REPUBLIKA.CO.ID, JAKARTA — Nama mantan Menteri Agama (Menag) Lukman Hakim Saifuddin disebut ikut menerima suap bersama terpidana Romahurmuziy. Anggota Majelis Hakim Rianto Adam Pontoh mengungkapkan dalam putusan, Lukman menerima uang sebesar Rp 70 juta terkait pencalonan Kepala Kantor Wilayah Kementerian Agama (Kakanwil Kemenag) Jawa Timur (Jatim) 2019.
Uang tersebut, suap terpisah kepada Romi yang menerima Rp 255 juta.
“Baik terdakwa (Romi) maupun Menteri Agama Lukman Hakim Saifuddin menerima sejumlah uang dari Haris Hasanudin,” kata Hakim Rianto saat membacakan vonis untuk terdakwa Romi, di PN Tipikor Jakarta, Senin (20/1).

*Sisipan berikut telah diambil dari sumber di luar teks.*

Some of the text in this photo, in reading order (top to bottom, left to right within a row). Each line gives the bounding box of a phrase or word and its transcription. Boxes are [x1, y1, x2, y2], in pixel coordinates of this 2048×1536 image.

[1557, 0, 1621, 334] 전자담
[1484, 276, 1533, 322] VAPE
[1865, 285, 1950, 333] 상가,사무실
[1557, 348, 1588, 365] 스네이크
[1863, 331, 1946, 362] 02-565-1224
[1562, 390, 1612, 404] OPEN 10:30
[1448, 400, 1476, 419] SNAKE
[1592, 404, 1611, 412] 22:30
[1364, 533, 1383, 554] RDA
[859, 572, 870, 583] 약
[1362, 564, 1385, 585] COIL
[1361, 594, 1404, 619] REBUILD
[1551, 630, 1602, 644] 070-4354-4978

Dalam putusan tersebut, Majelis Hakim menghukum Romi dengan penjara selama dua tahun, dan pidana denda sebesar Rp 100 juta. Hukuman tersebut, terkait dengan suap dan gratifikasi dalam aksi haram jual beli jabatan Kakanwil Kemenag, Jatim 2019.

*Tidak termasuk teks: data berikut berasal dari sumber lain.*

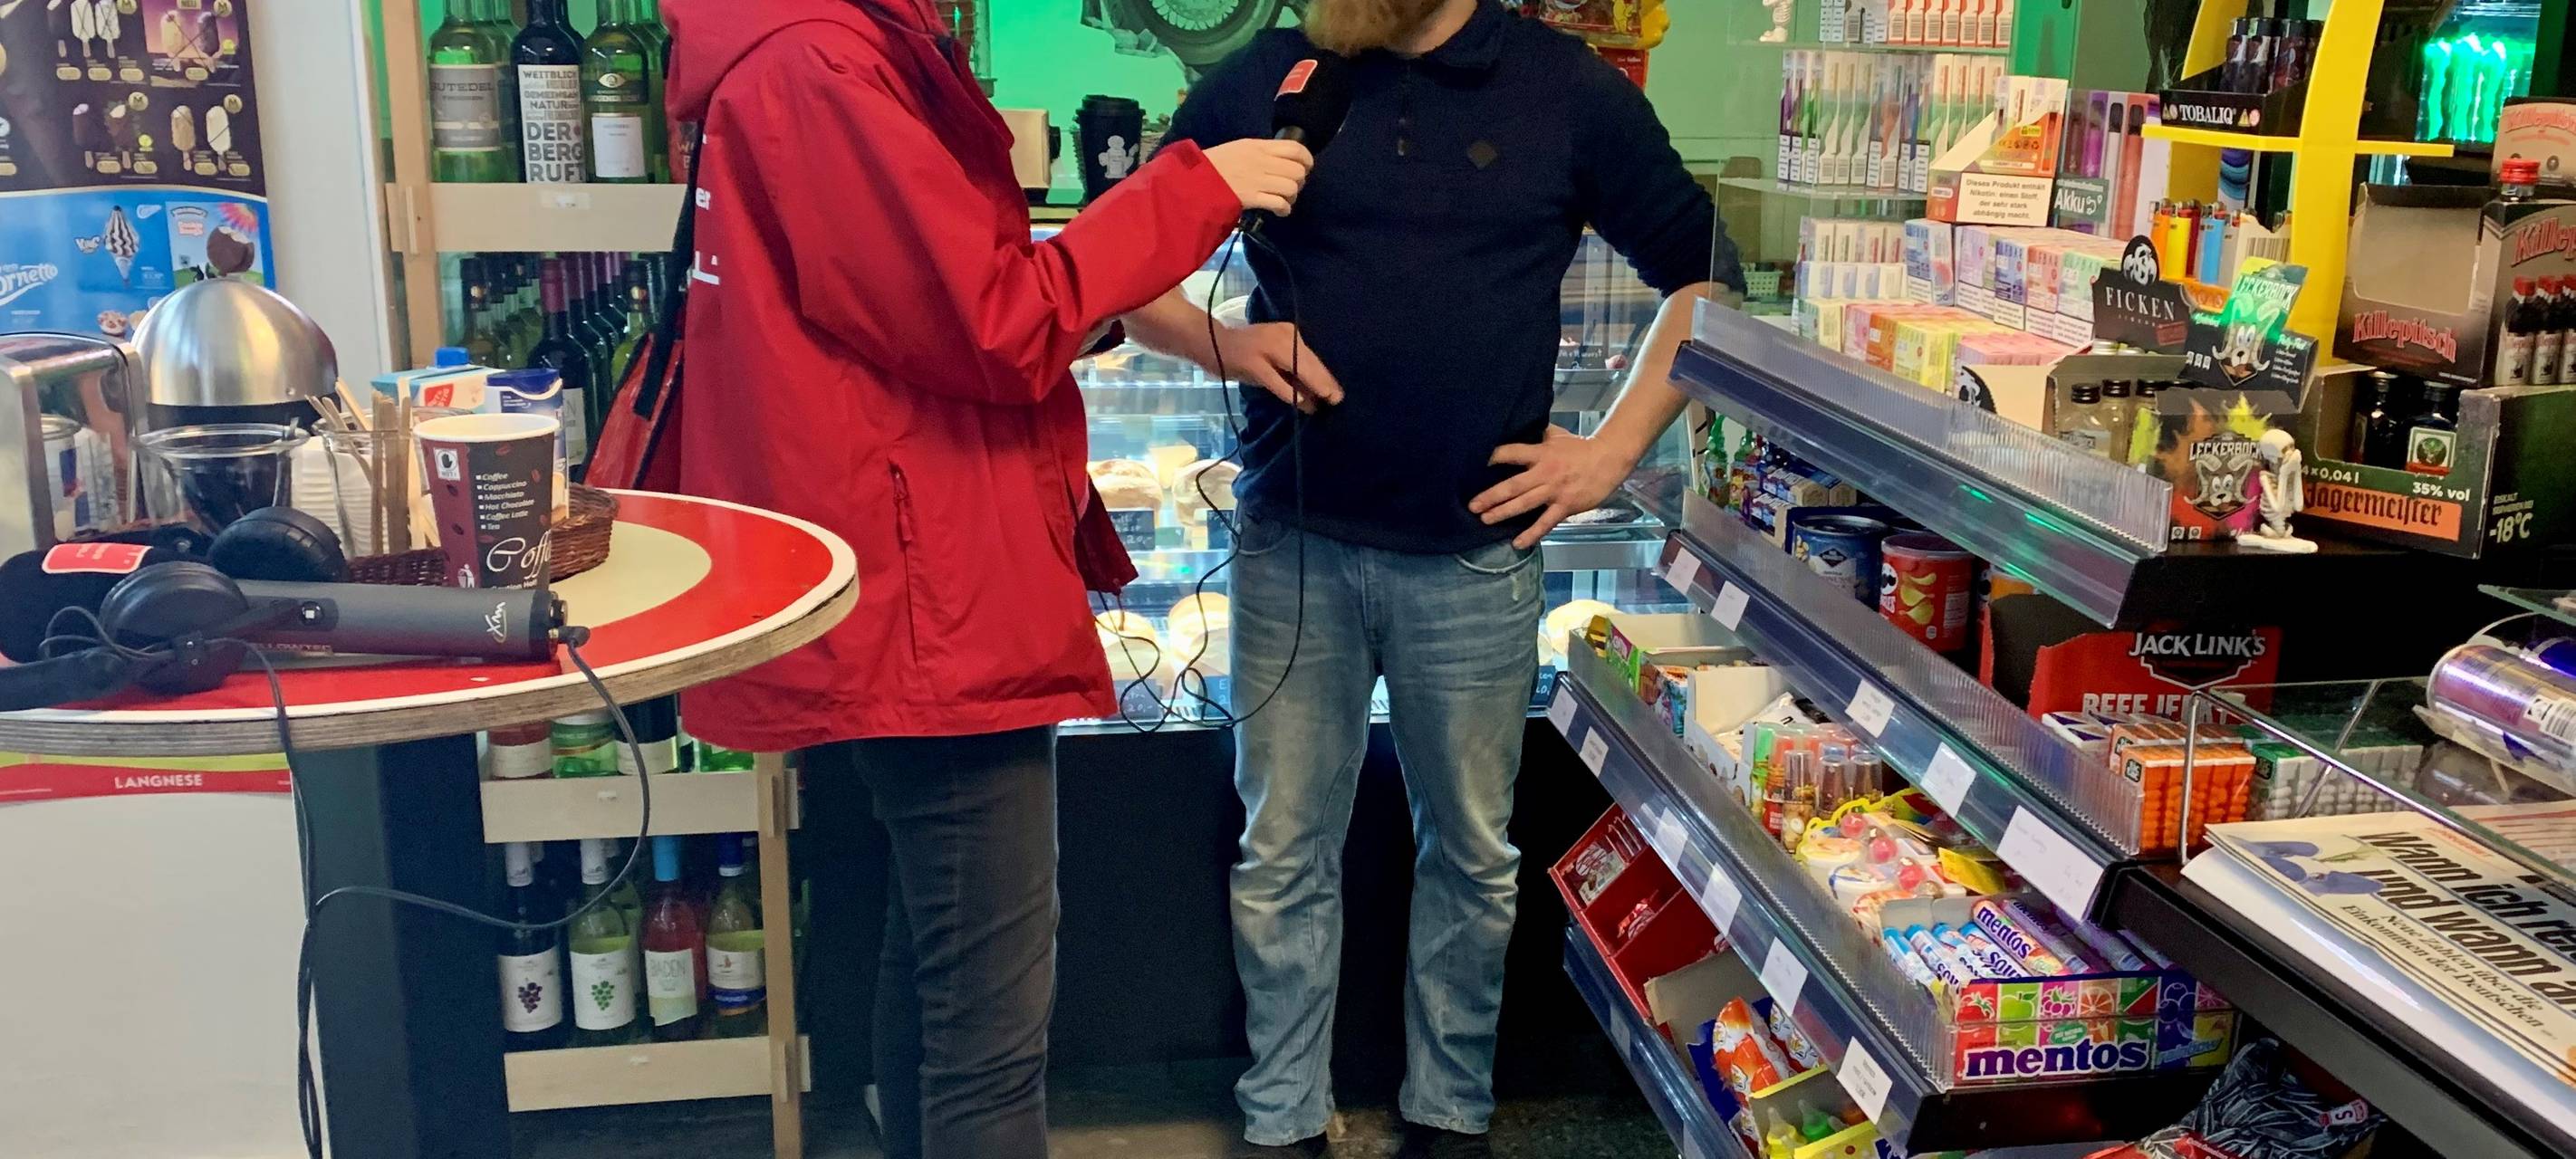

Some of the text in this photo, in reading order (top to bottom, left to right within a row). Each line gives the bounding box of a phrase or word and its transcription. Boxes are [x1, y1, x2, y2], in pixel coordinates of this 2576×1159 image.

Adapun keterkaitan Lukman, terungkap dalam penjelasan praputusan Majelis Hakim tentang delik penyertaan. Dikatakan Hakim Rianto, Romi tak bekerja sendiri dalam menyempurnakan delik penyertaan korupsi. Kata dia, dari bukti-bukti yang terungkap selama persidangan Romi, Lukman juga terkait.
Dikatakan dia, Romi menerima uang Rp 255 juta, sedangkan Lukman menerima Rp 70. Uang tersebut, berasal dari sumber yang sama. Yakni Haris Hasanudin.
Pemberian uang oleh Haris kepada Lukman, terjadi dua kali. Yaitu, pada 1 Maret senilai Rp 50 juta, dan 9 Maret sebesar Rp 20 juta. Uang haram tersebut, kata Hakim Rianto diterima Lukman dari Haris lewat perantara ajudan pribadi, Heri Purwanto.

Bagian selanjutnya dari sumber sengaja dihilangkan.